Redox properties of several transition-metal MTFcP complexes (TFcP2− = 5,10,15,20-tetraferrocenylporphyrin, M = Co2+, Ni2+, Cu2+, and Zn2+) were investigated using electrochemical (CV and DPV), spectroelectrochemical, and chemical oxidation approaches. Electrochemical experiments conducted in a low-polarity solvent using a non-coordinating electrolyte are crucial for the sequential oxidation of ferrocene substituents along with porphyrin-based single-electron oxidation and reduction processes. The first ferrocene oxidation process in all MTFcP complexes is separated by at least 140 mV from the next three ferrocene based oxidations. The second, third, and fourth redox processes in the ferrocene region are more closely spaced, with the largest separation observed in CuTFcP and CoTFcP complexes. Mixed-valence compounds were observed and characterized by spectroelectrochemical and chemical oxidation approaches.

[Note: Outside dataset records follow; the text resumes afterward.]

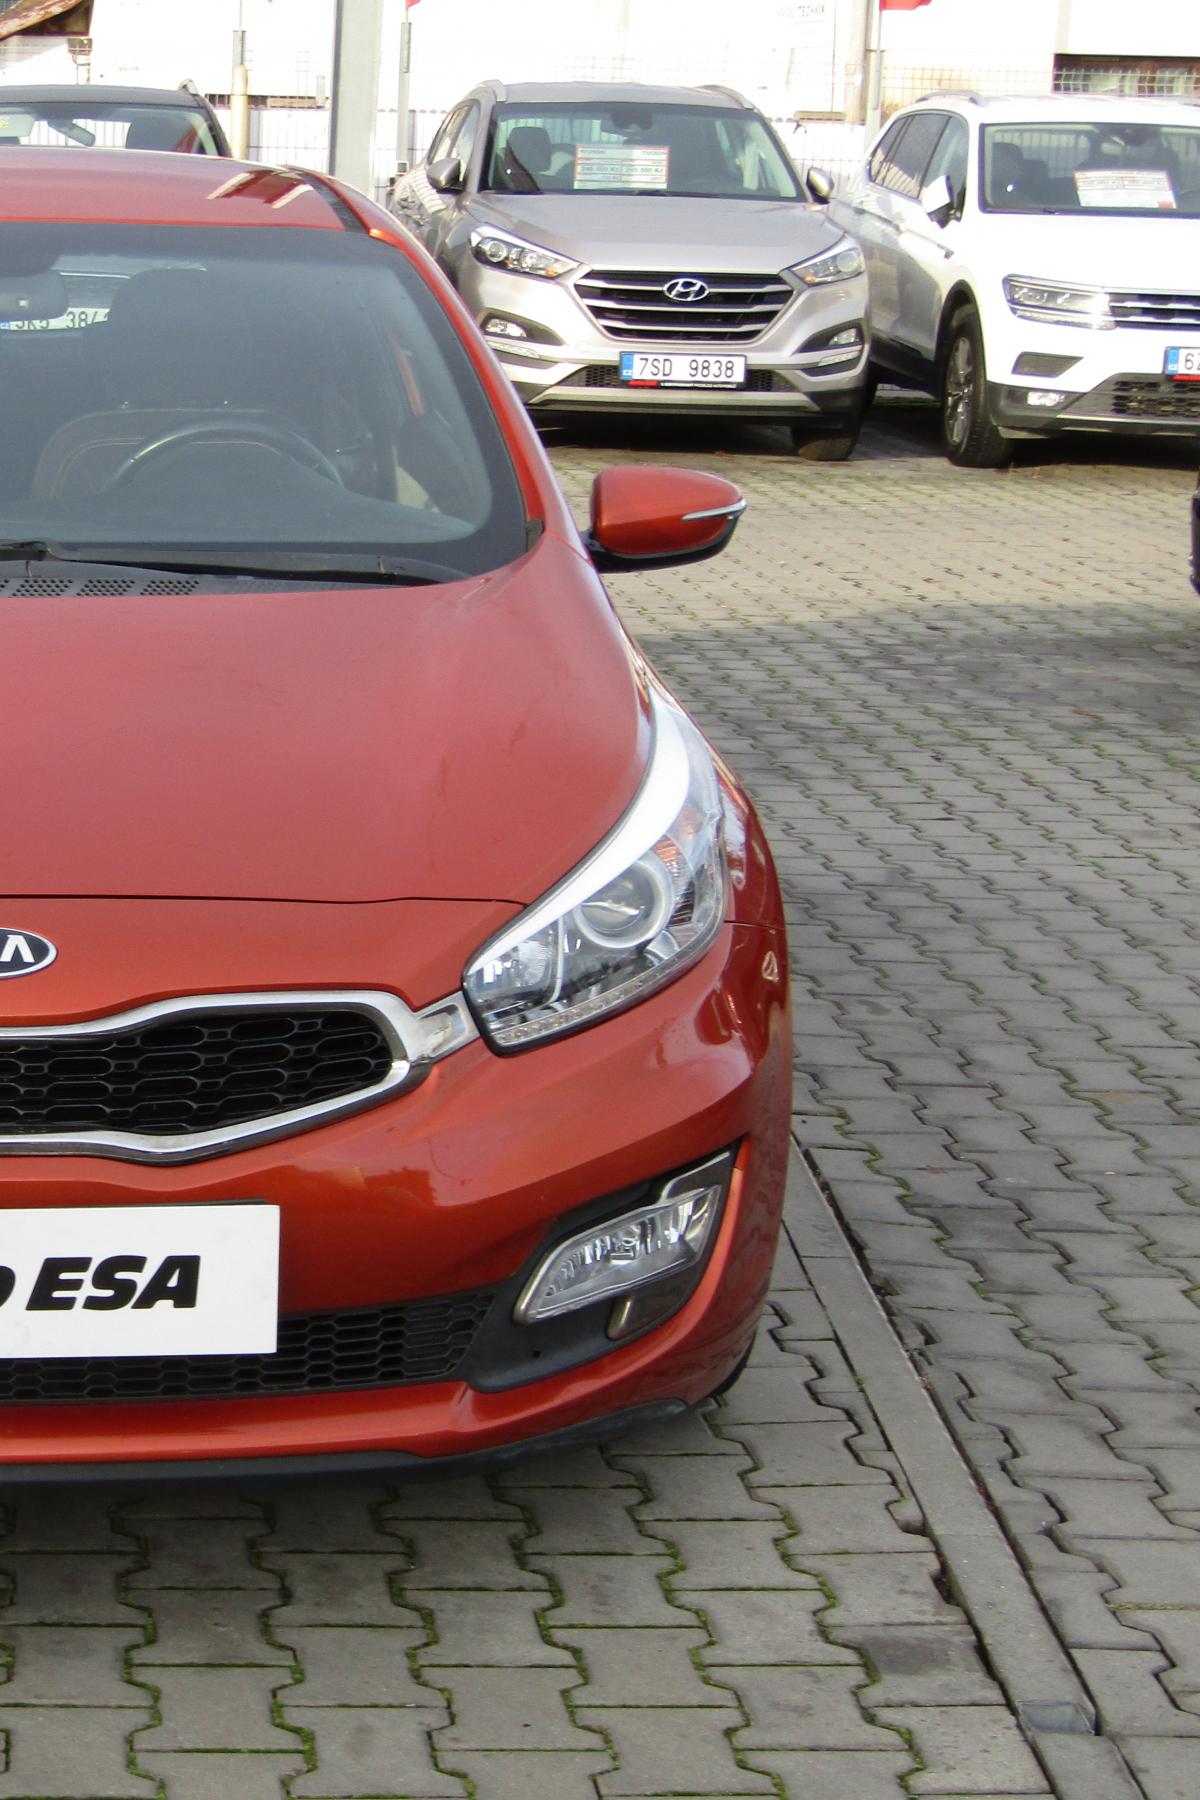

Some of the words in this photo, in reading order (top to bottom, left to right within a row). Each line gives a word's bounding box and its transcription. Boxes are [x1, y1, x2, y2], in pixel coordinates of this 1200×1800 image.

[639, 358, 673, 377] 7SD
[688, 359, 735, 378] 9838
[24, 1254, 201, 1311] ESA
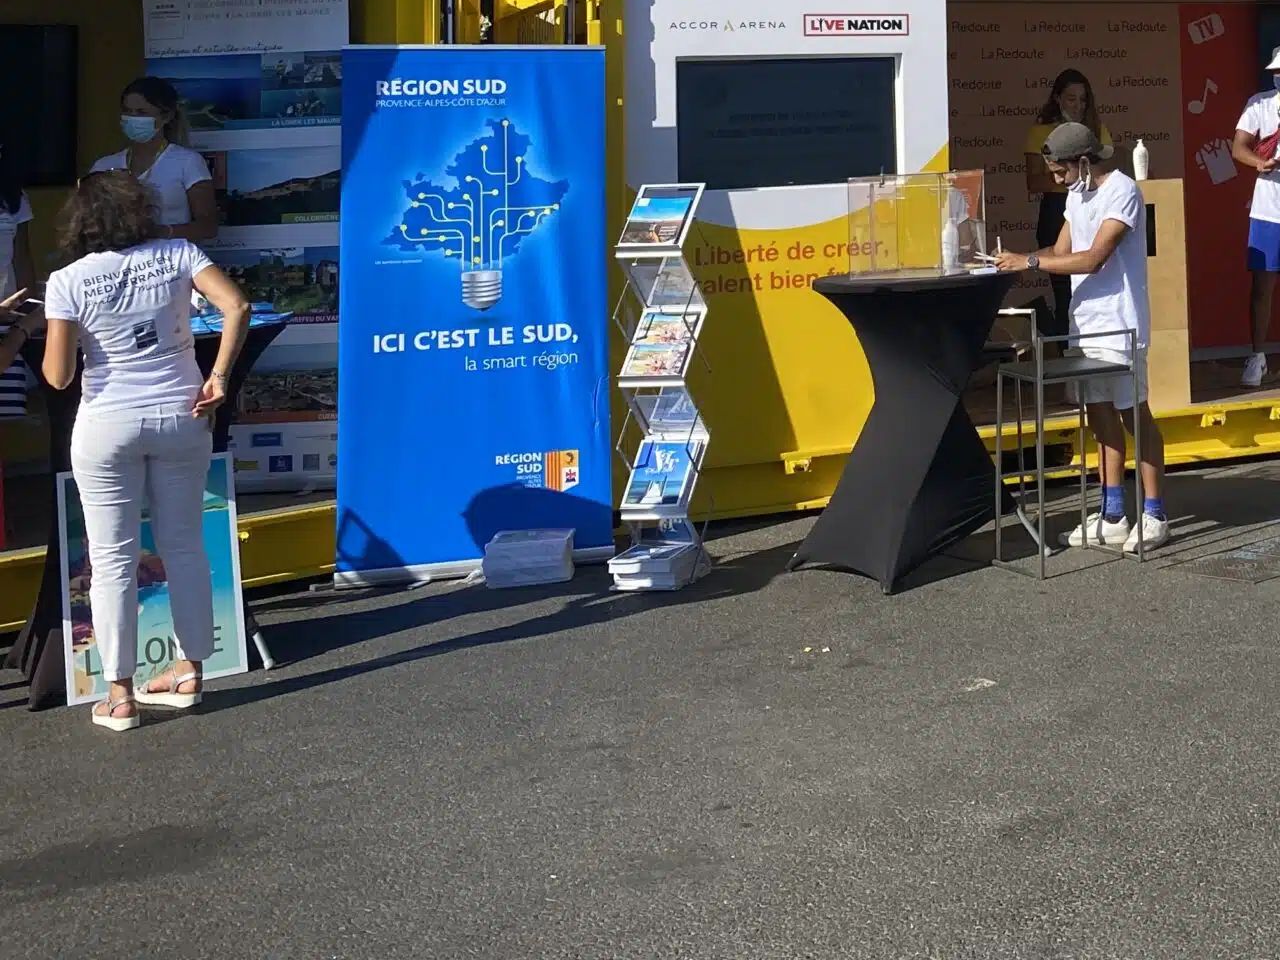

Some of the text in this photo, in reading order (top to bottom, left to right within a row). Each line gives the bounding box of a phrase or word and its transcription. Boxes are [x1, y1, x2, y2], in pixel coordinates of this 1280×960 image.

[669, 19, 787, 30] ACCOR ARENA
[811, 18, 903, 33] LIVE NATION
[952, 22, 1001, 33] Redoute
[1024, 22, 1086, 32] La Redoute
[1107, 21, 1168, 32] La Redoute
[1194, 17, 1214, 38] TV
[981, 48, 1045, 60] La Redoute
[1066, 47, 1128, 59] La Redoute
[375, 77, 507, 96] RÉGION SUD
[952, 79, 1003, 90] Redoute
[1025, 78, 1038, 89] La
[1109, 76, 1169, 87] La Redoute
[476, 98, 506, 107] D'AZUR
[982, 105, 995, 117] La
[1097, 104, 1129, 114] doute
[954, 136, 1004, 148] Redoute
[1123, 131, 1170, 143] Redoute
[998, 162, 1028, 174] Redo
[1000, 220, 1037, 231] Redou
[695, 236, 889, 267] Liberté de créer,
[83, 255, 171, 287] BIENVENUE EN
[771, 269, 819, 290] bien
[1015, 276, 1049, 289] doute
[373, 323, 579, 353] ICI C'EST LE SUD,
[465, 351, 578, 371] la smart région
[495, 452, 542, 465] RÉGION
[516, 463, 543, 474] SUD
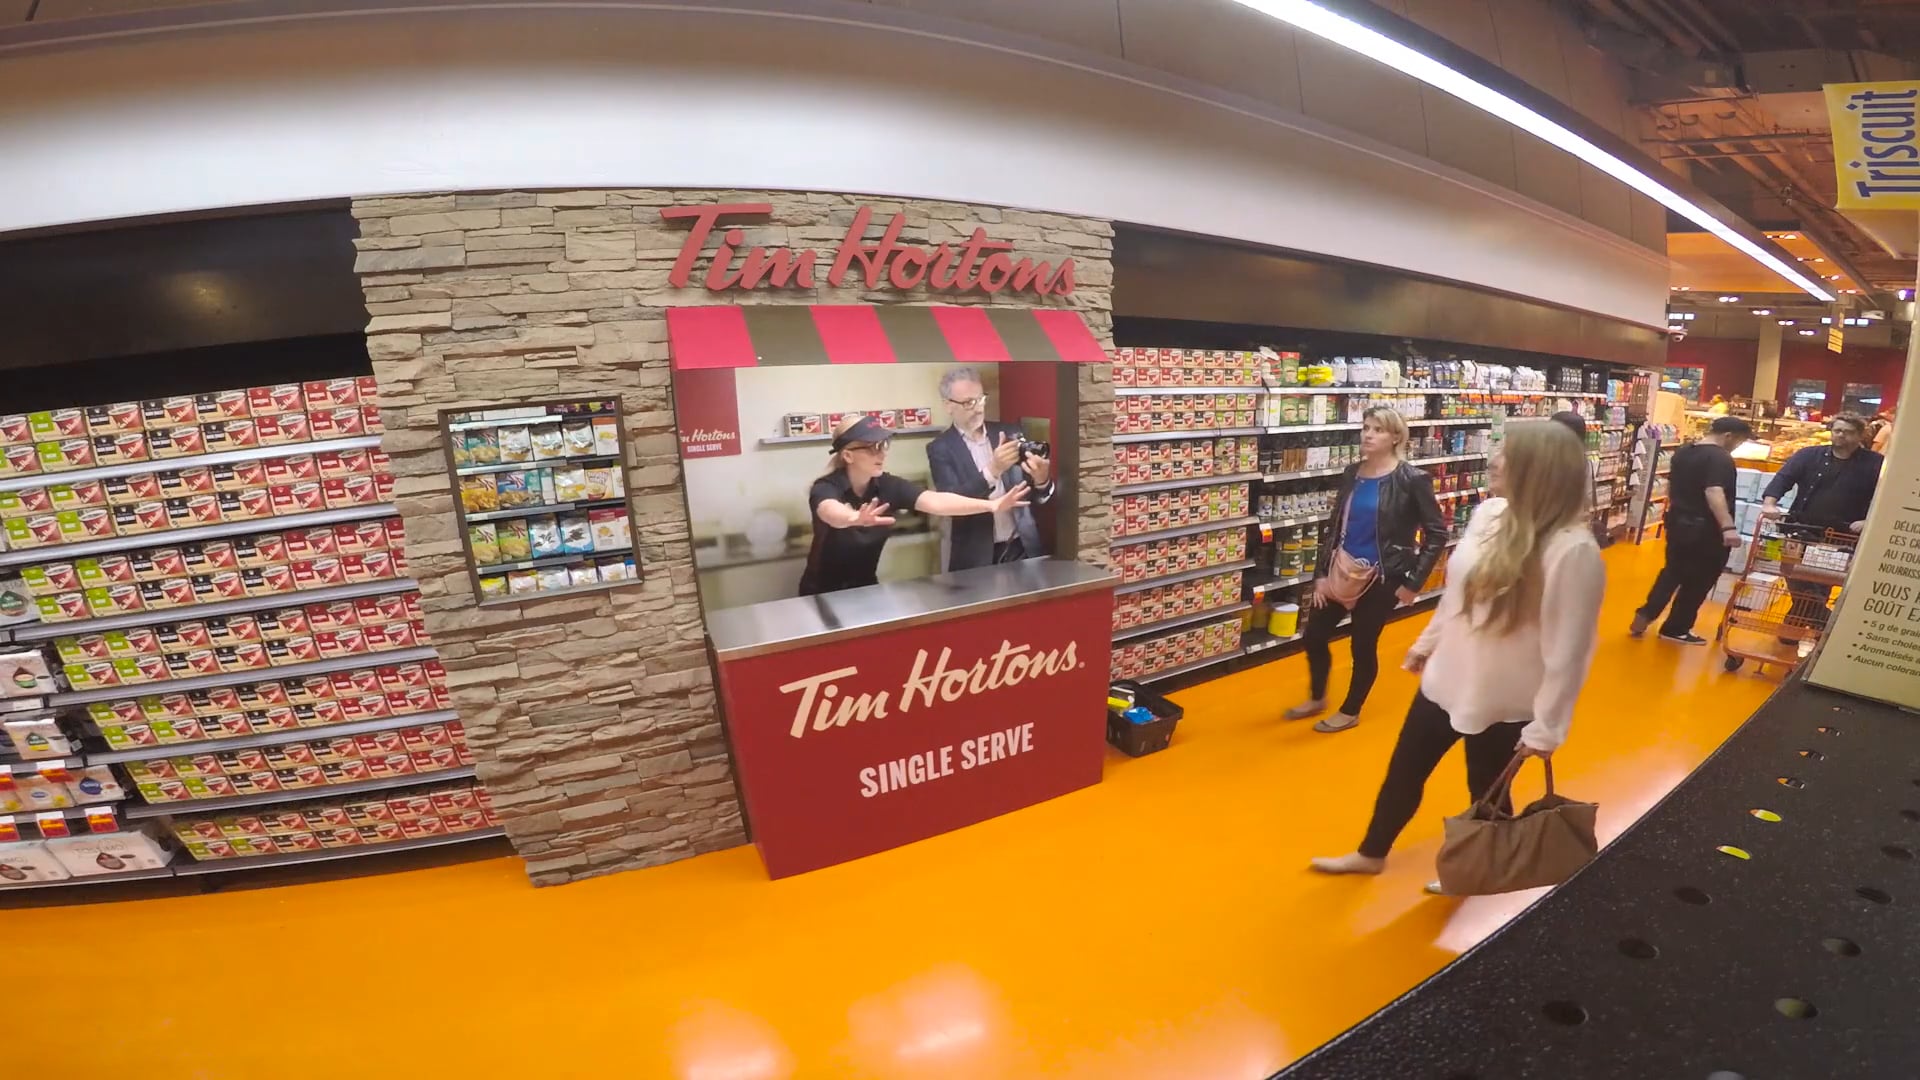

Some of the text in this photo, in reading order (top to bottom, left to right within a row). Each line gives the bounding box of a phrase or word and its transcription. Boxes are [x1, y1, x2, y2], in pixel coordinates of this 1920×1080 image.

In all cases, intervalence charge transfer (IVCT) bands were detected confirming the existence of the iron-based mixed-valence [MTFcP]n+ (n = 1–3) species and suggesting long-range metal–metal coupling in the target systems. The resulting data from the mixed-valence [MTFcP]n+ (n = 1–3) complexes matched very closely to the metal-free poly(ferrocenyl)porphyrins previously reported and were assigned as Robin and Day Class II mixed-valence compounds. In the case of CoTFcP, the selective oxidation of a central metal was also demonstrated in the presence of the strong ligand-field anions using oxygen as an oxidant.